*Exercise*:
What is needed is an exact copy of every entry, without the pictures.

Recorded data
---*---

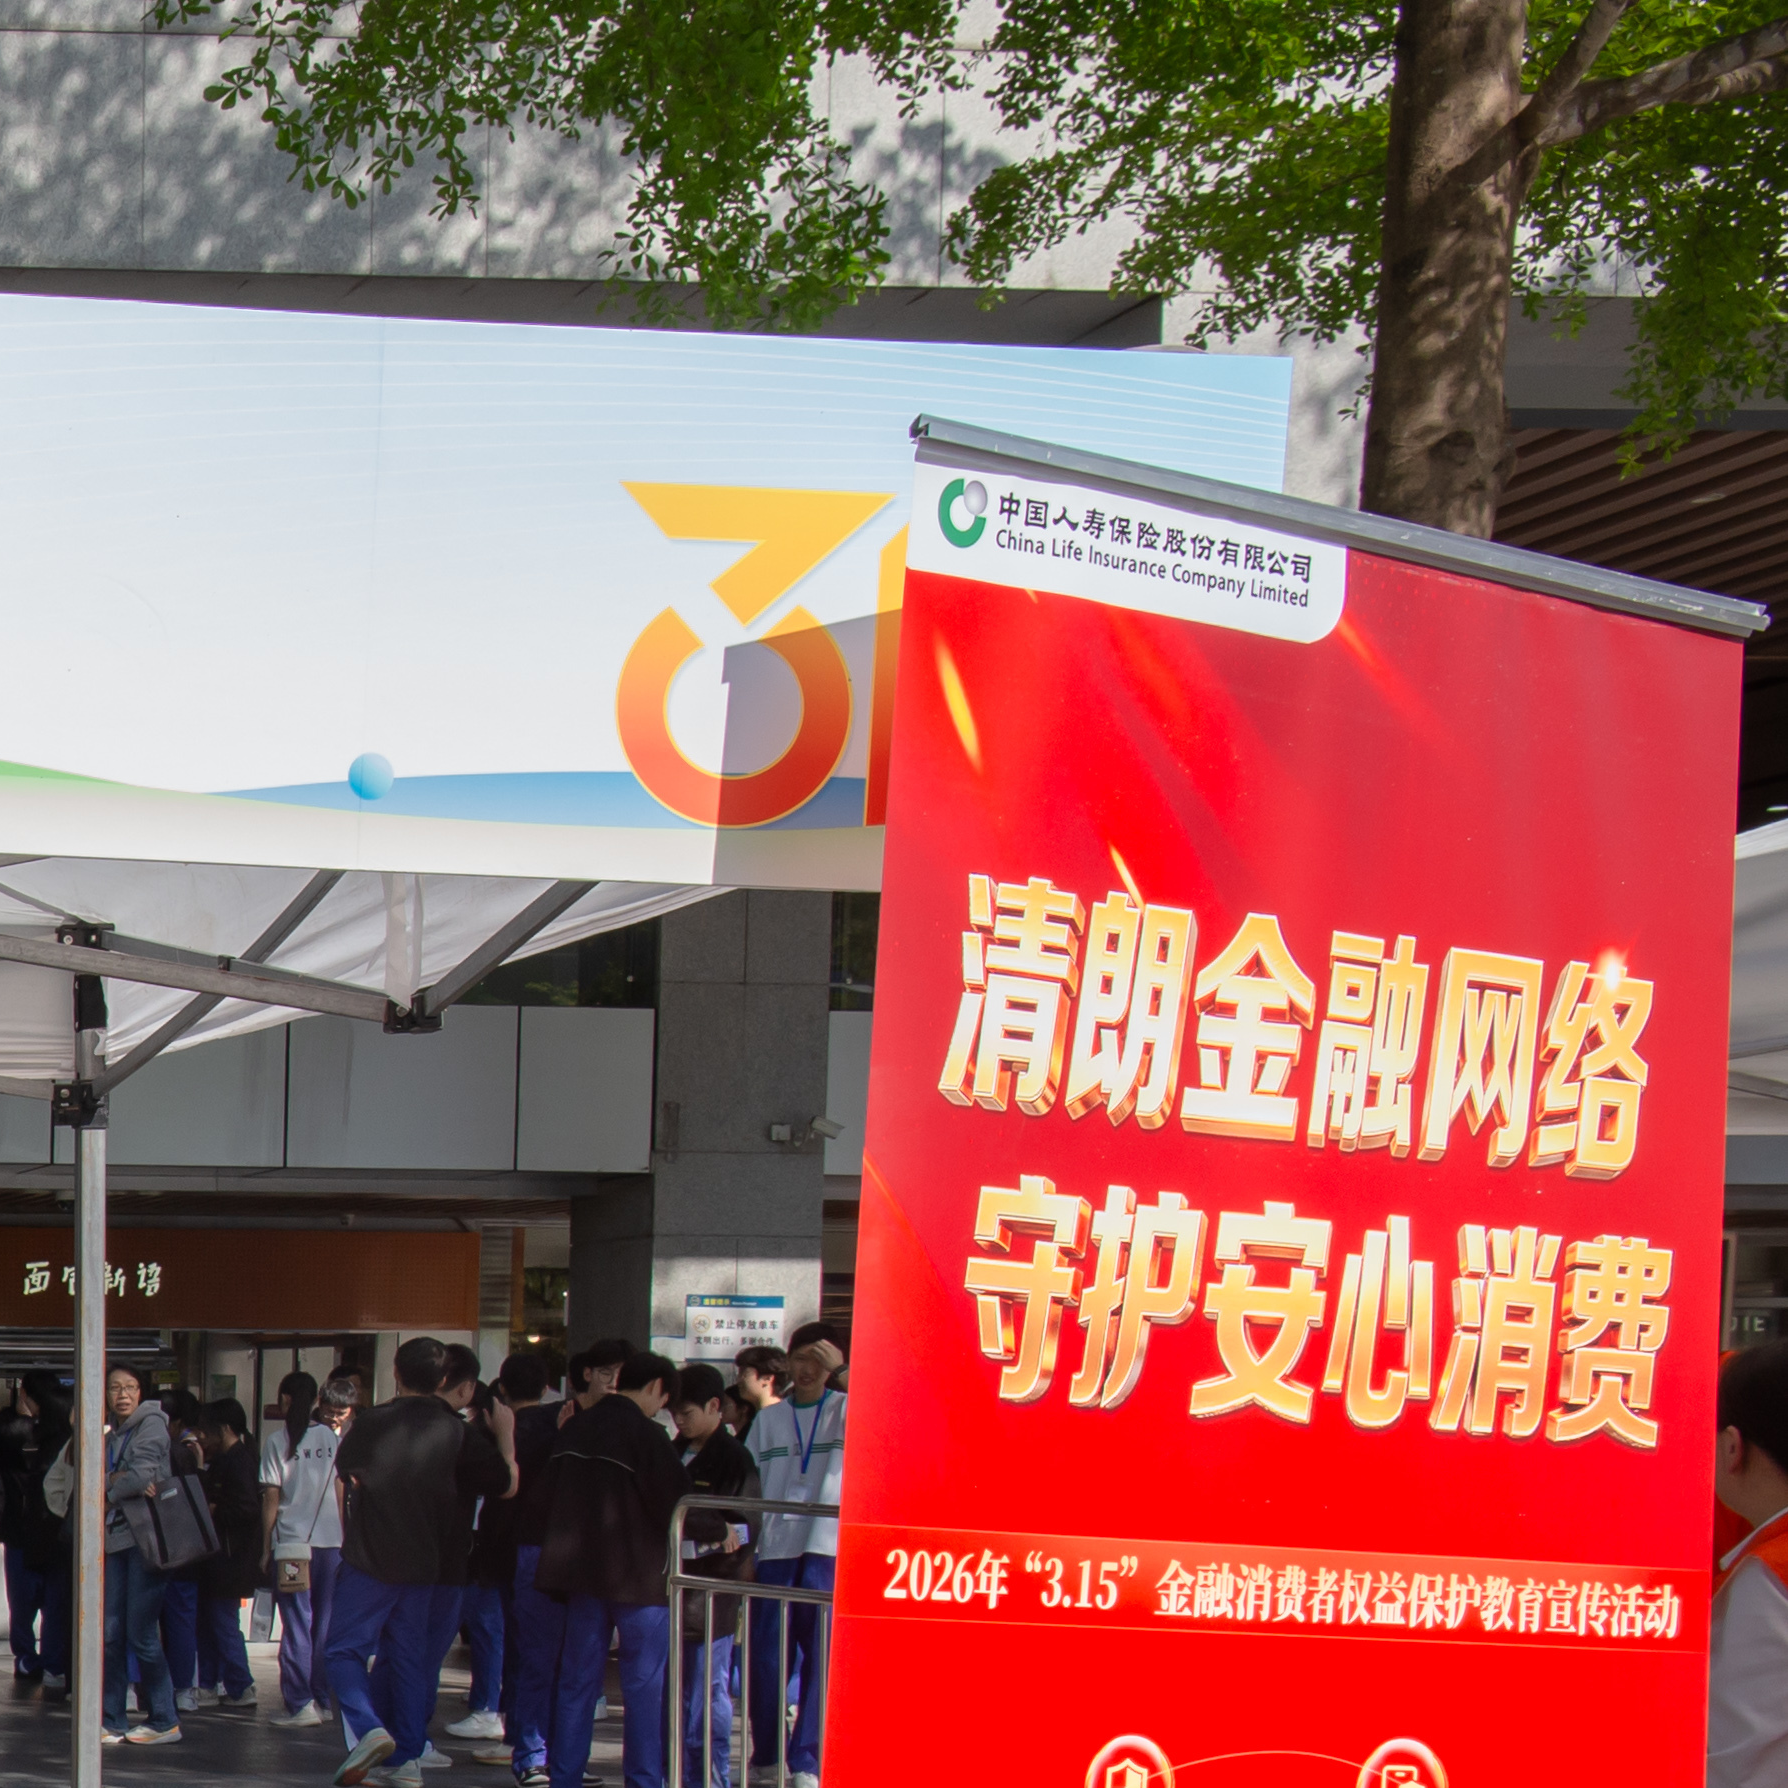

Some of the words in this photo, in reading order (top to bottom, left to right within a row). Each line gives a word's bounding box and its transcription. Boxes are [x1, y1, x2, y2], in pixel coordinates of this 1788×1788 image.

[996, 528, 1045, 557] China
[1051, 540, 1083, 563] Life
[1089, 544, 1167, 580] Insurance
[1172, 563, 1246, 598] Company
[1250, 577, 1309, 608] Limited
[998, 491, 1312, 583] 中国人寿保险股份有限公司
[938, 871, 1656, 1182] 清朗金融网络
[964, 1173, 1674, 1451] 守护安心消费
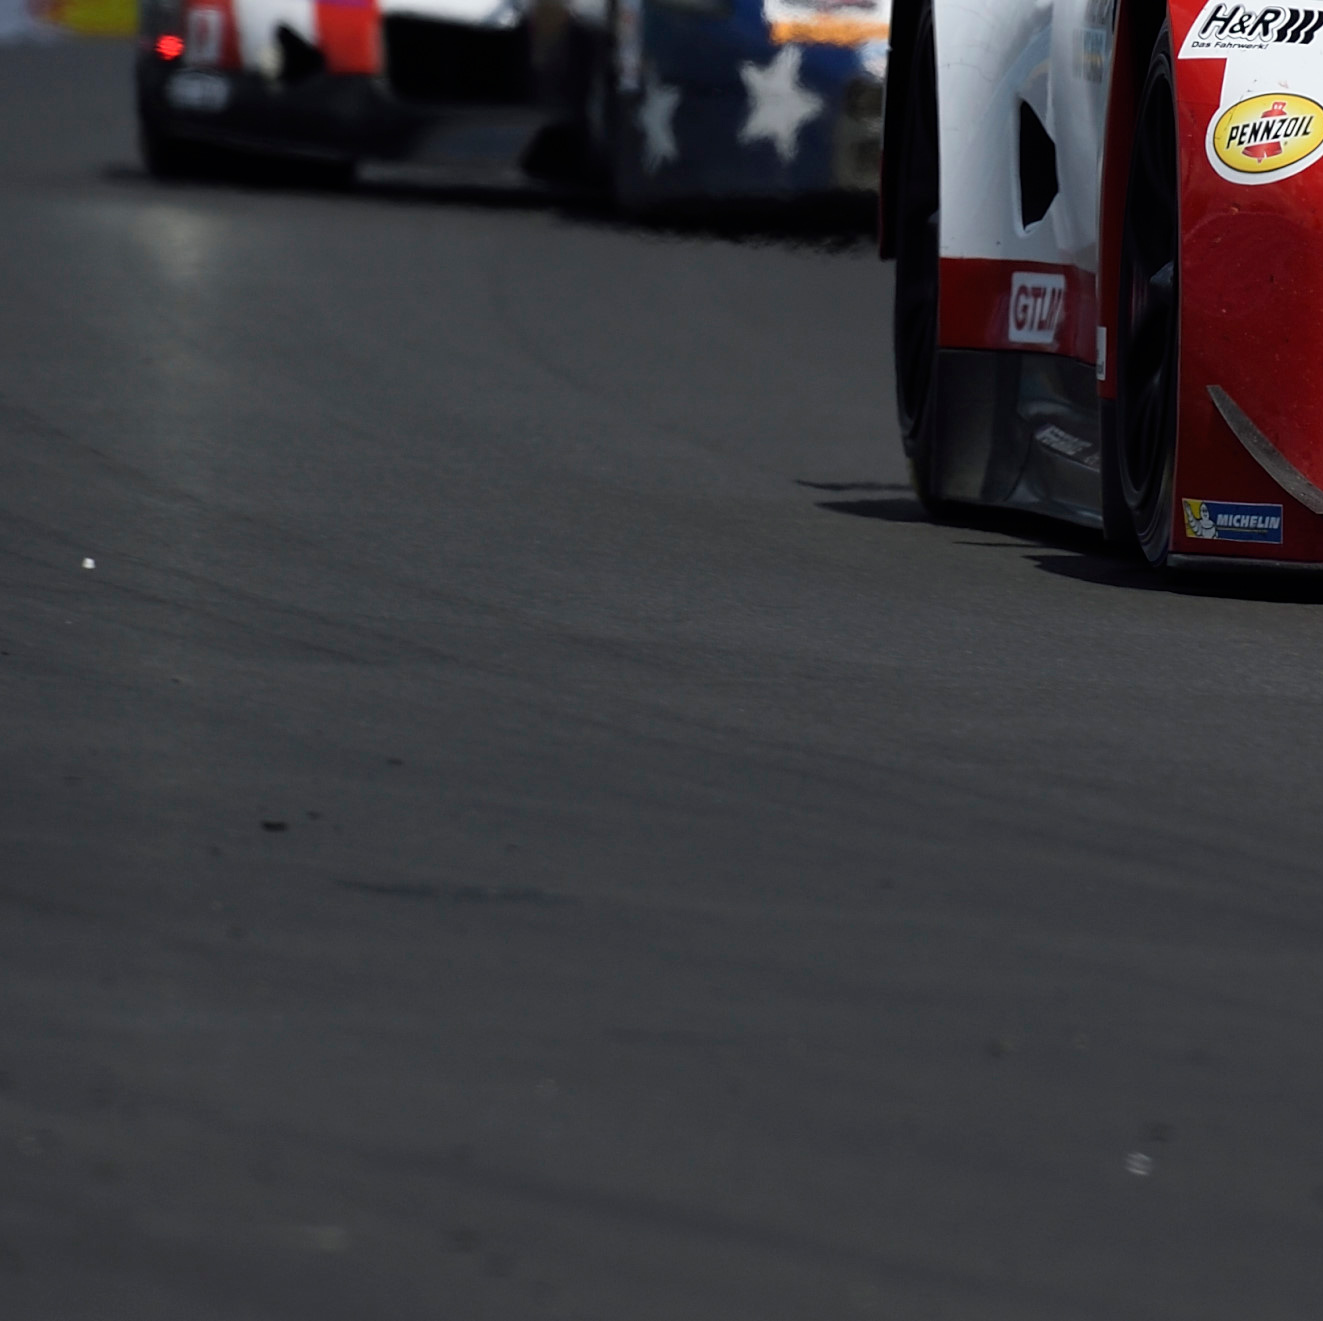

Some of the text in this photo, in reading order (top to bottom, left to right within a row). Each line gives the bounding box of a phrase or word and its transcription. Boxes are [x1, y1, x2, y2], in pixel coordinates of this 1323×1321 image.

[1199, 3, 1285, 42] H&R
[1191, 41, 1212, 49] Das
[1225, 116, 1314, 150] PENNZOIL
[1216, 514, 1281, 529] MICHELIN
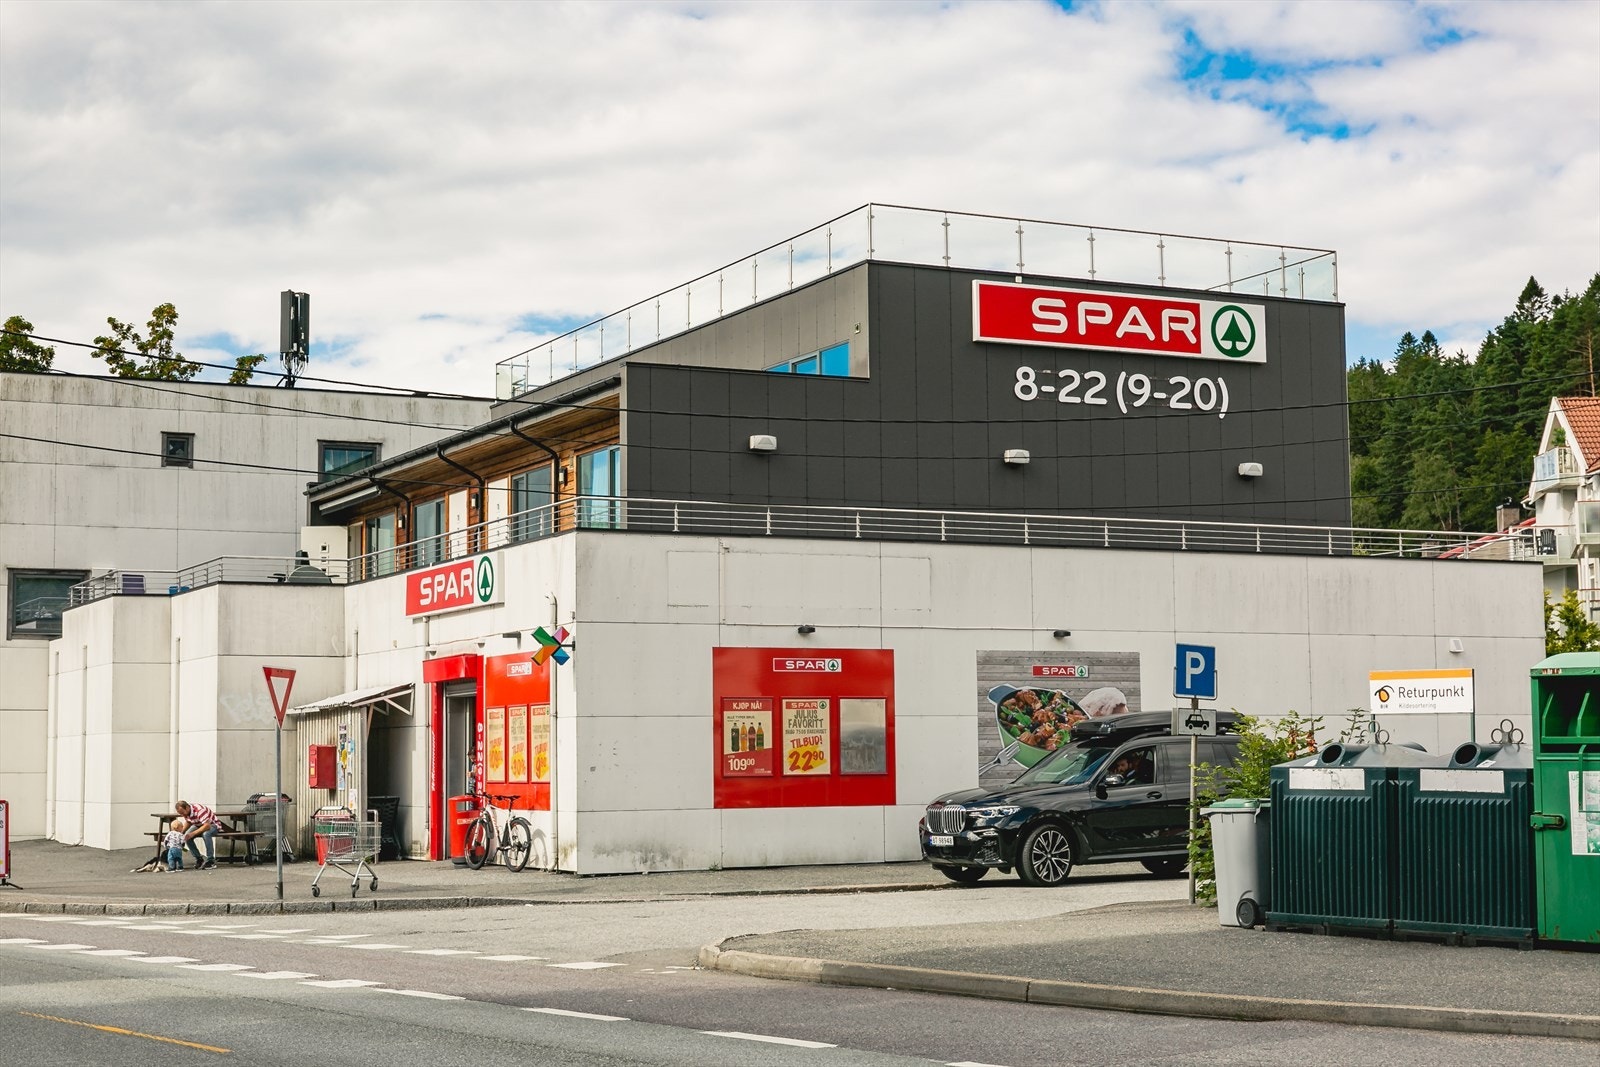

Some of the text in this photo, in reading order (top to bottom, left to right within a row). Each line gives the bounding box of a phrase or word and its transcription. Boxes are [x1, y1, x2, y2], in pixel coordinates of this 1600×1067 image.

---*---

*Worked solution*:
Some of the words in this photo, in reading order (top to bottom, left to right within a row). Each line gives a word's bounding box and its transcription. Boxes are [x1, y1, x2, y2], in pixel coordinates of this 1788×1788 image.

[996, 528, 1045, 557] China
[1051, 540, 1083, 563] Life
[1089, 544, 1167, 580] Insurance
[1172, 563, 1246, 598] Company
[1250, 577, 1309, 608] Limited
[998, 491, 1312, 583] 中国人寿保险股份有限公司
[938, 871, 1656, 1182] 清朗金融网络
[964, 1173, 1674, 1451] 守护安心消费

Some of the text in this photo, in reading order (top to bottom, left to right within a row). Each line gives the bounding box of a phrase or word and its transcription. Boxes are [x1, y1, x2, y2], in pixel coordinates of this 1323×1321 image.

[1199, 3, 1285, 42] H&R
[1191, 41, 1212, 49] Das
[1225, 116, 1314, 150] PENNZOIL
[1216, 514, 1281, 529] MICHELIN

Some of the text in this photo, in reading order (top to bottom, left to right within a row). Each line gives the bounding box of a phrase or word and its transcription. Boxes are [x1, y1, x2, y2], in pixel coordinates of this 1600×1067 image.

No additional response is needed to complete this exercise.